Guiné 61/74 - P23544: Notas de leitura (1477): "A Guerra de Bissau, 7 de Junho de 98", por Samba Bari, um guineense diplomado em Relações Internacionais pela Universidade Lusíada; Sinapis Editores, 2018 (1) (Mário Beja Santos)


1. Mensagem do nosso camarada Mário Beja Santos (ex-Alf Mil Inf, CMDT do Pel Caç Nat 52, Missirá e Bambadinca, 1968/70), com data de 22 de Janeiro de 2020:

Queridos amigos,
É meritória a iniciativa de Samba Bari, coligindo e tratando de notícias que ele guardou, vivia no estrangeiro quando eclodiu o conflito político-militar. Claro que a bibliografia do conflito é hoje apreciável, mas é sempre estimulante acolher novos olhares. Pode haver poucas novidades, mas toda esta reportagem tem um fundo de melancolia, um anúncio de desaire, era inevitável que toda aquela destruição, o reacender de ódios entre velhos camaradas iria forçosamente apresentar uma dolorosa fatura que se chama de trauma. E não houve uma personalidade política capaz de conclamar a reconciliação e o andar para a frente, dentro de um estado de sincero perdão. Samba Bari fez bem em também socorrer-se da história oral, atenda-se ao depoimento que colheu a Hélder Vaz, hoje embaixador da Guiné-Bissau em Portugal, pleno de patriotismo e apegado ao bom relacionamento luso-guineense.

Um abraço do
Mário



Um guineense usa a reportagem para contar o conflito político-militar de 1998-99 (1)

Beja Santos

A obra intitula-se "A Guerra de Bissau, 7 de Junho de 98", o seu autor é Samba Bari, um guineense diplomado em Relações Internacionais pela Universidade Lusíada que vive em Manchester, Sinapis Editores, 2018. Trata-se de mais um contributo sobre o conflito político-militar que devastou a Guiné-Bissau por cerca de onze meses. Sobre este conflito, Samba Bari entendeu socorrer-se dos órgãos de comunicação social, e baseado em todo este acervo noticiarista escreve um livro que é uma autêntica reportagem. Para o leitor interessado, lembramos que há obras literárias sobre o conflito, caso do esplêndido relato "Comandante Hussi", por Jorge Araújo e Pedro Sousa Pereira, Clube do Autor, 2011, Jardim Botânico, um romance de Luís Naves, Quetzal Editores, 2011 e vários relatos como "Bissau em chamas", de Alexandre Reis Rodrigues e Américo Silva Santos, Casa das Letras, Lisboa, 2007, "Crónica dos (des)Feitos da Guiné", por Francisco Henriques da Silva, Almedina, 2012, o "Conflito Político-militar na Guiné Bissau", por Guilherme Rodrigues Zeferino, IPAD, 2003, "Guiné – 24 anos de Independência, 1974-1988", por José Zamora Induta, Hugin Editores, 2001 e o estudo científico "Colapso e Reconstrução Política na Guiné-Bissau (1998-2000)", Lars Rudebeck, Uppsala, 2011 (versão portuguesa), isto para não esquecer "História(s) da Guiné-Bissau", de que sou autor, Edições Húmus, 2016.

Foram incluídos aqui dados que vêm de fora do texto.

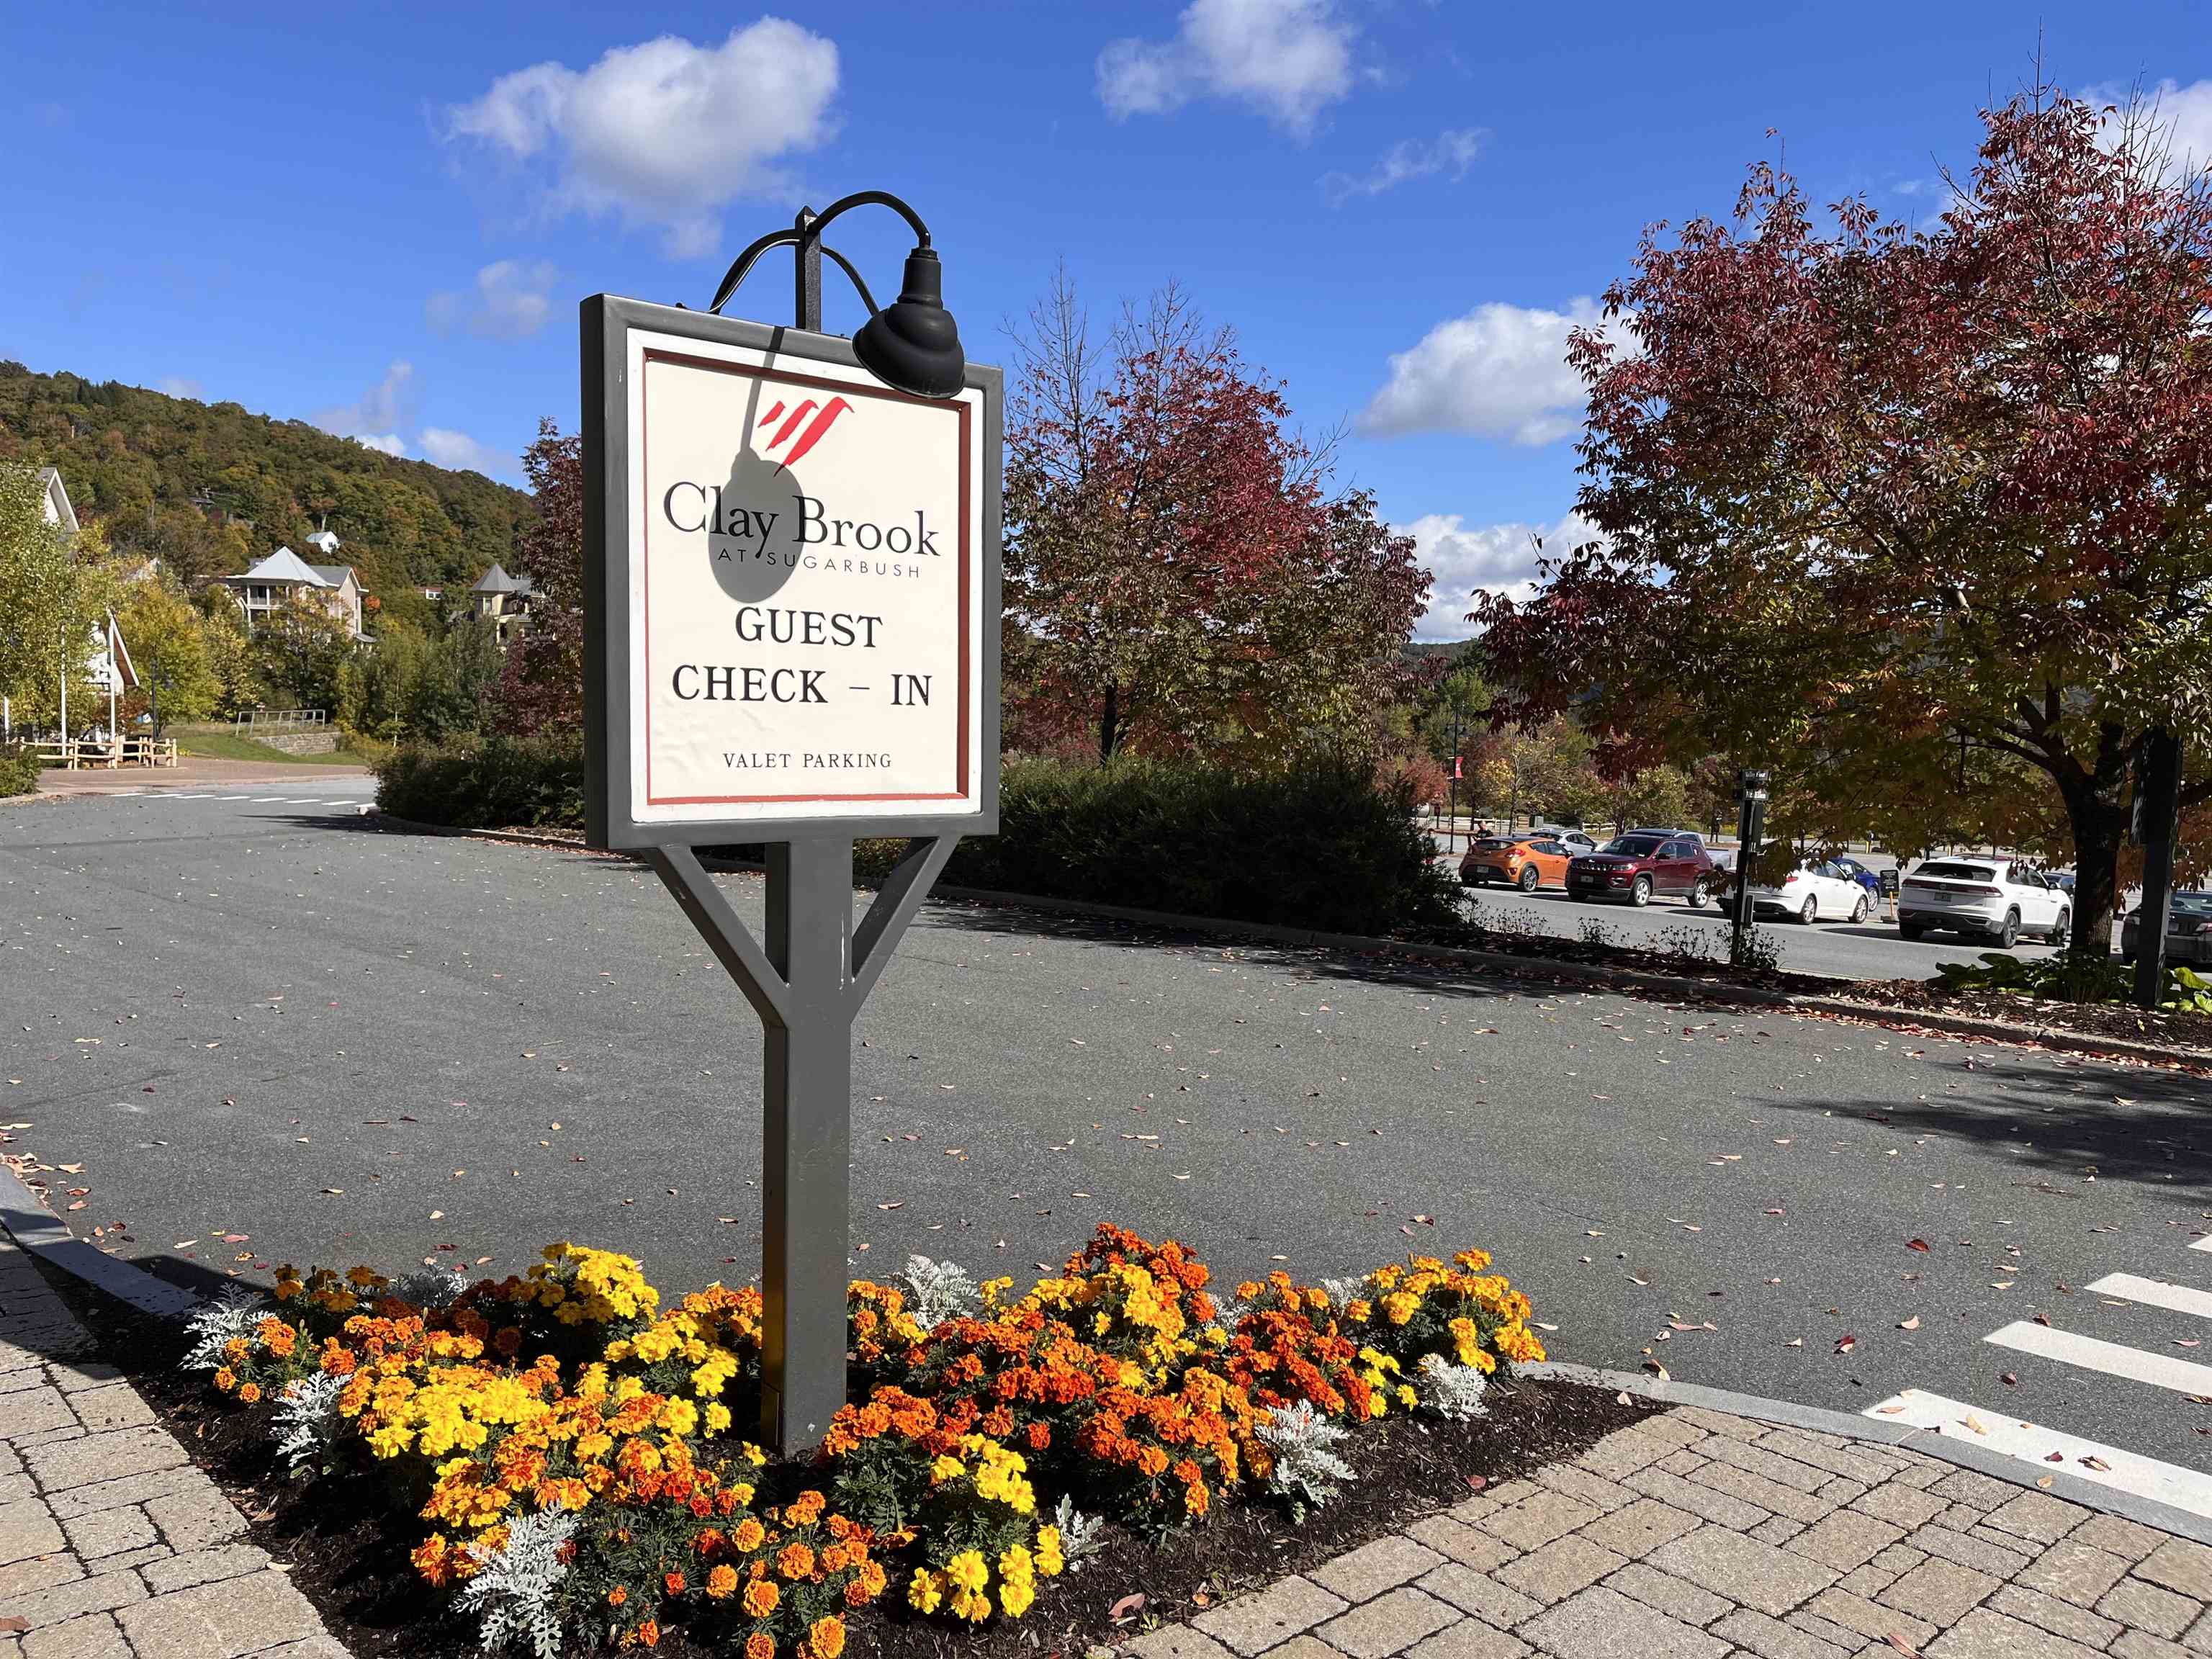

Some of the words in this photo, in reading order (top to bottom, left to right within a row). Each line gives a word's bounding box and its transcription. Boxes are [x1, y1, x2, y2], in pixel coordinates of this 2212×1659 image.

[663, 482, 779, 559] Clay
[792, 495, 941, 557] Brook
[717, 547, 747, 563] AT
[767, 552, 921, 578] SUGARBUSH
[735, 606, 884, 648] GUEST
[673, 664, 829, 703] CHECK
[890, 673, 932, 706] IN
[723, 753, 791, 768] VALET
[804, 753, 891, 768] PARKING
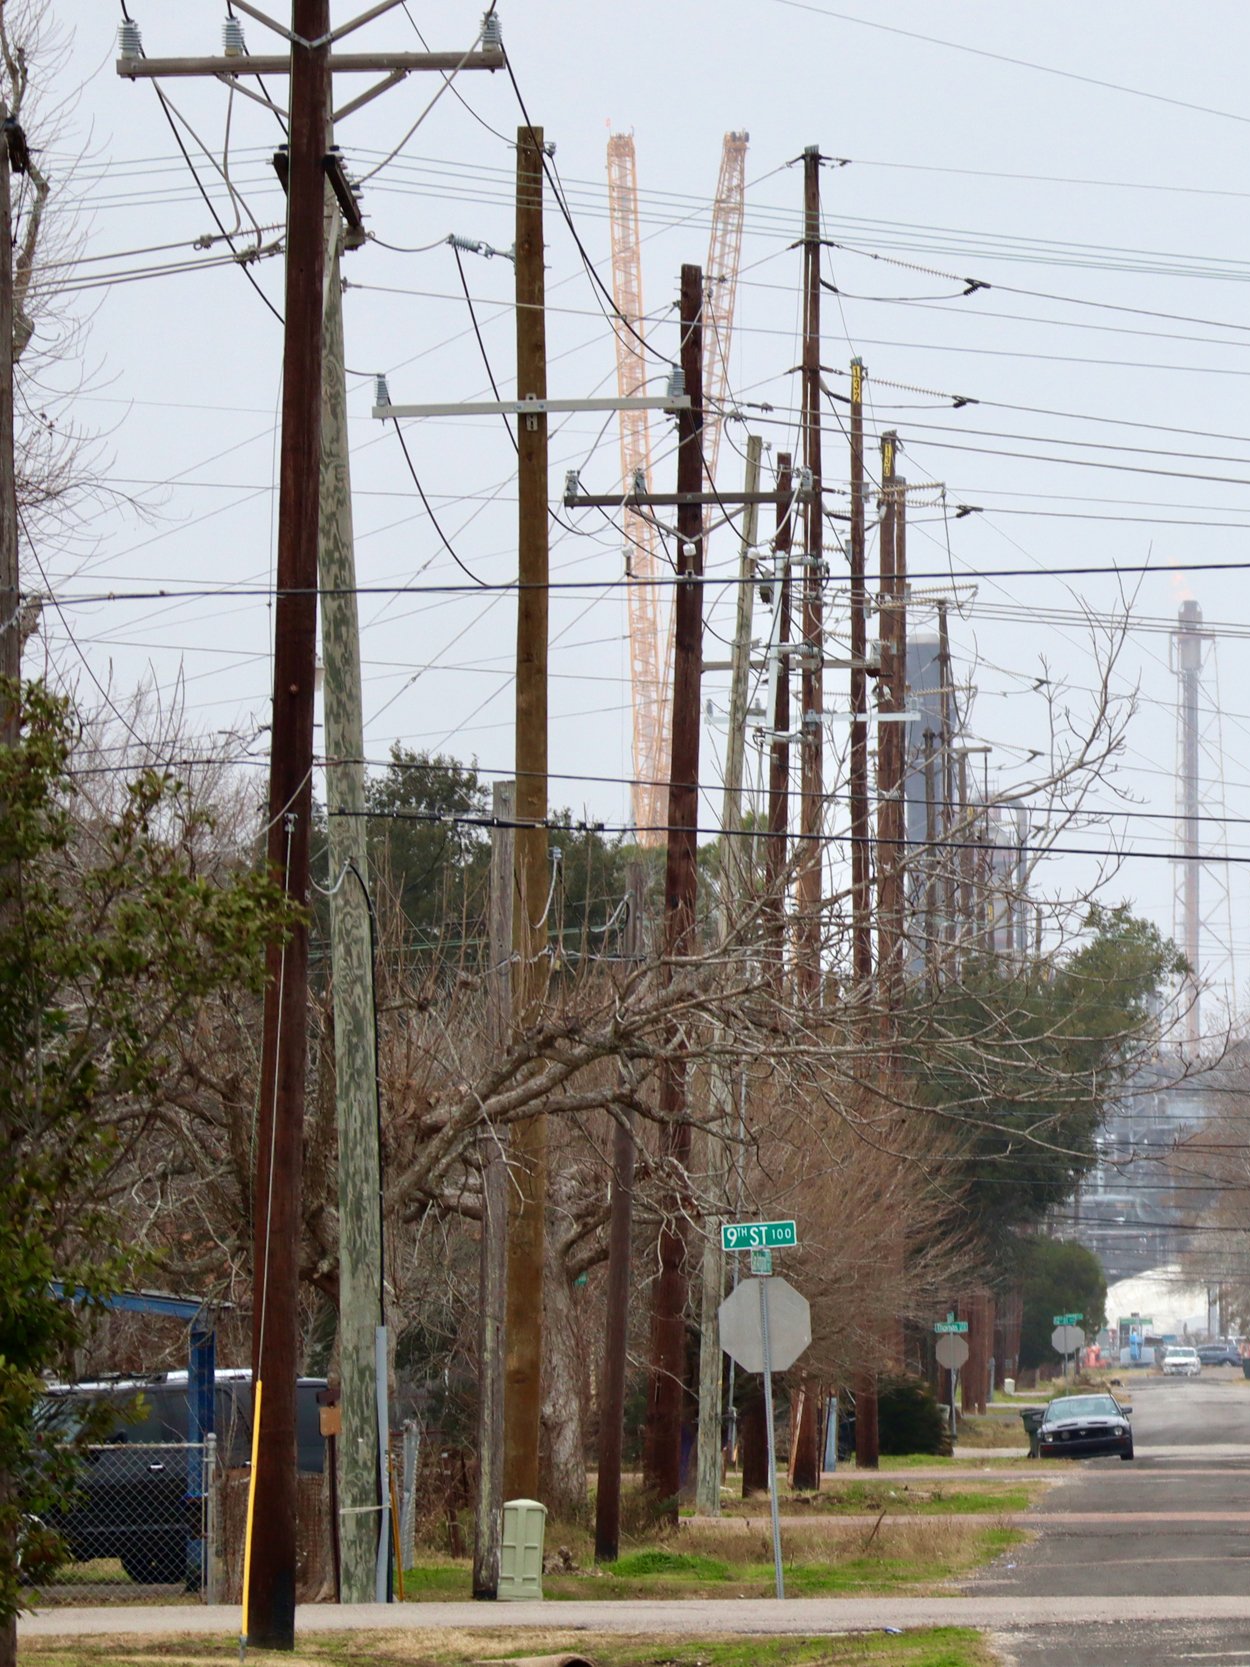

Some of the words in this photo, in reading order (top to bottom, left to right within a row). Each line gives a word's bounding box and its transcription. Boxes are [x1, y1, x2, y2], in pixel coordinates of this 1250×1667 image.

[727, 1227, 748, 1247] 9TH
[749, 1226, 768, 1246] ST
[772, 1228, 792, 1240] 100

O pretexto da reportagem tem a ver com o facto de Samba Bari ter vivido no estrangeiro esta guerra de pendor fratricida, pegou nos textos dos jornais guardados, recorreu à história oral e dá-nos o seu ponto de vista, sem alardes. Até 7 de junho de 1998, a Guiné-Bissau podia orgulhar-se, a despeito de se poder considerar ter um regime despótico, não ter sofrido de uma guerra devastadora, tudo ficara circunscrito, em 1980, a um golpe de Estado que afastou um conjunto de cabo-verdianos da cúspide do PAIGC, acontecimento que conduziu à separação da Guiné de Cabo Verde. O que começou em 7 de junho terminou em 7 de maio do ano seguinte, quando a Junta Militar, dirigida por Ansumane Mané chegou a Bissau e Nino Vieira, após se ter refugiado na embaixada portuguesa, partiu para o exílio. Conflito devastador do princípio ao fim, na derradeira batalha viam-se dezenas de corpos caídos por terra enquanto o palácio presidencial foi saqueado e incendiado. A violência não acabou nesse dia, Ansumane Mané terá sido executado em novembro de 2000, a cerca de trinta quilómetros de Bissau, outros elementos da Junta irão ser mortos, posteriormente.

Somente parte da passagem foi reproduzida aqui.